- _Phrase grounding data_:
▬▬▬▬▬▬

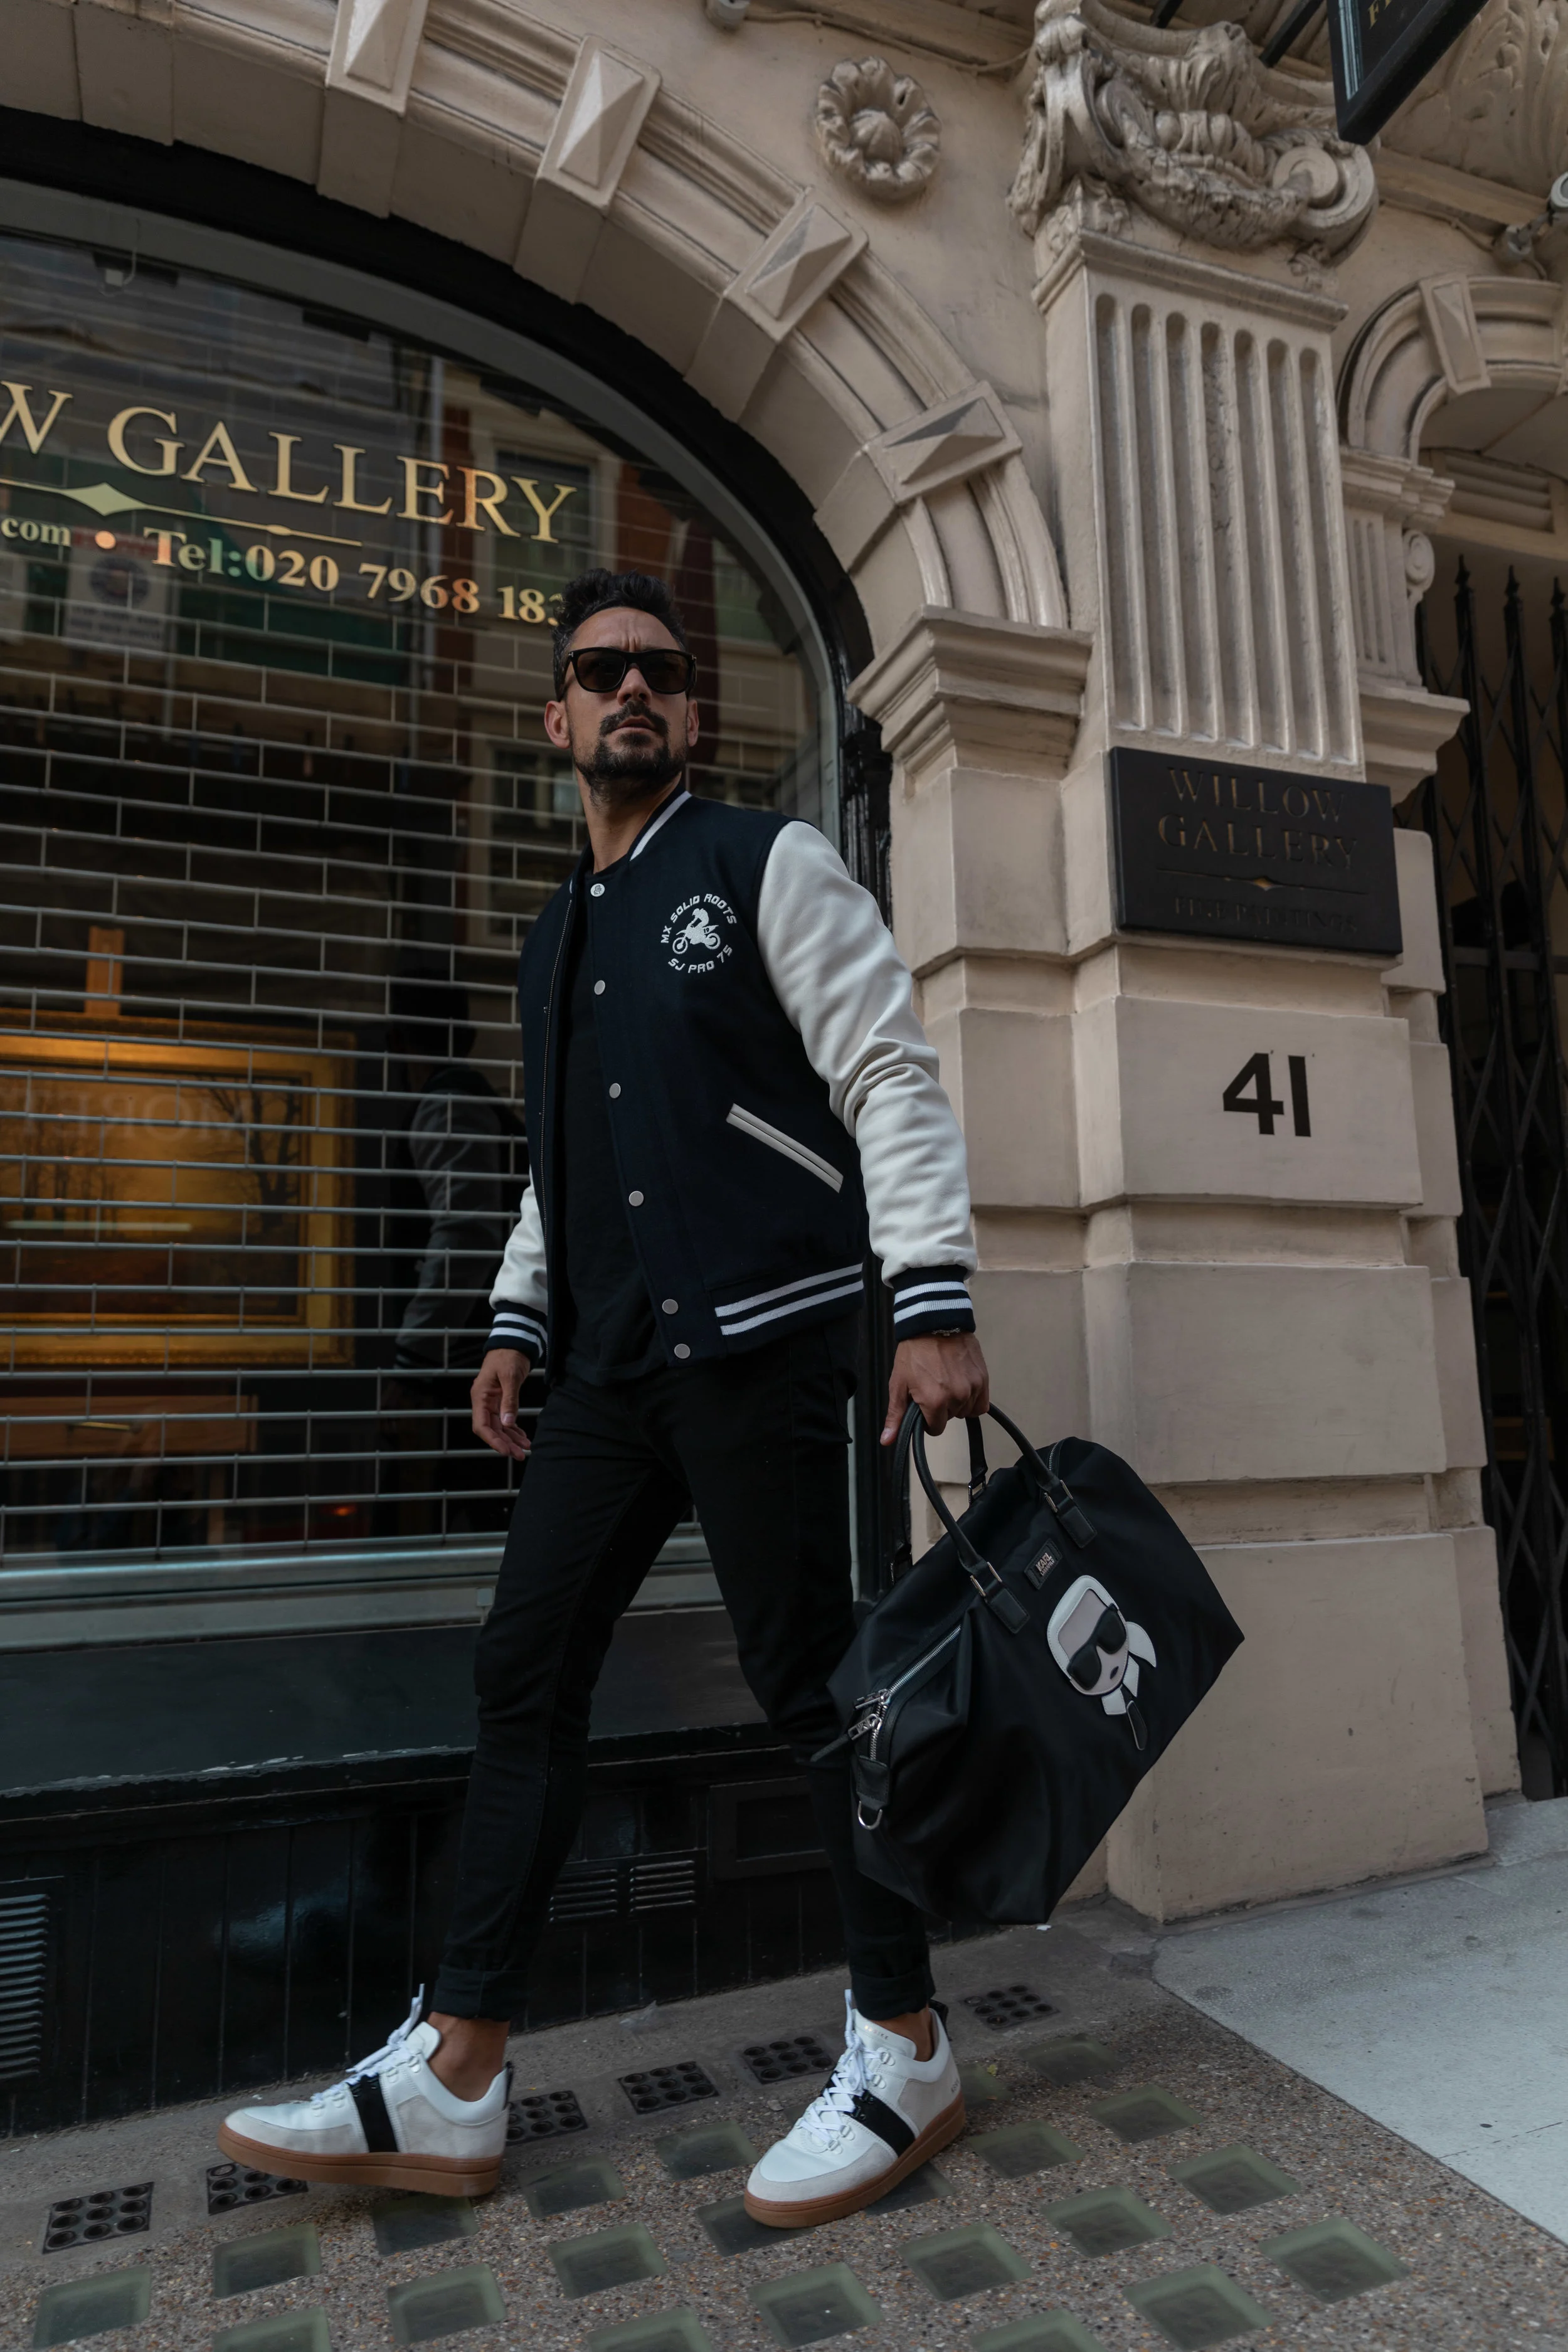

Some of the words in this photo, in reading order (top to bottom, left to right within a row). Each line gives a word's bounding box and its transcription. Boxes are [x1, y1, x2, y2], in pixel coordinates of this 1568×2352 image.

[107, 406, 578, 543] GALLERY
[1, 517, 71, 547] com
[359, 562, 480, 613] 7968
[1167, 766, 1345, 822] WILLOW
[1158, 813, 1359, 870] GALLERY
[660, 925, 672, 943] MX
[670, 895, 700, 923] SOLID
[704, 893, 737, 924] ROOTS
[668, 958, 686, 971] SJ
[687, 960, 715, 973] PRO
[716, 945, 733, 963] 75
[1222, 1052, 1311, 1137] 41
[1035, 1552, 1052, 1572] KARL

▬▬▬▬▬▬

Exactly as written above, print every record, and keep the pictures out.

- _Completed exercise_:
Some of the words in this photo, in reading order (top to bottom, left to right within a row). Each line gives a word's bounding box and its transcription. Boxes are [x1, y1, x2, y2], in pixel coordinates of this 1568×2352 image.

[107, 406, 578, 543] GALLERY
[1, 517, 71, 547] com
[359, 562, 480, 613] 7968
[1167, 766, 1345, 822] WILLOW
[1158, 813, 1359, 870] GALLERY
[660, 925, 672, 943] MX
[670, 895, 700, 923] SOLID
[704, 893, 737, 924] ROOTS
[668, 958, 686, 971] SJ
[687, 960, 715, 973] PRO
[716, 945, 733, 963] 75
[1222, 1052, 1311, 1137] 41
[1035, 1552, 1052, 1572] KARL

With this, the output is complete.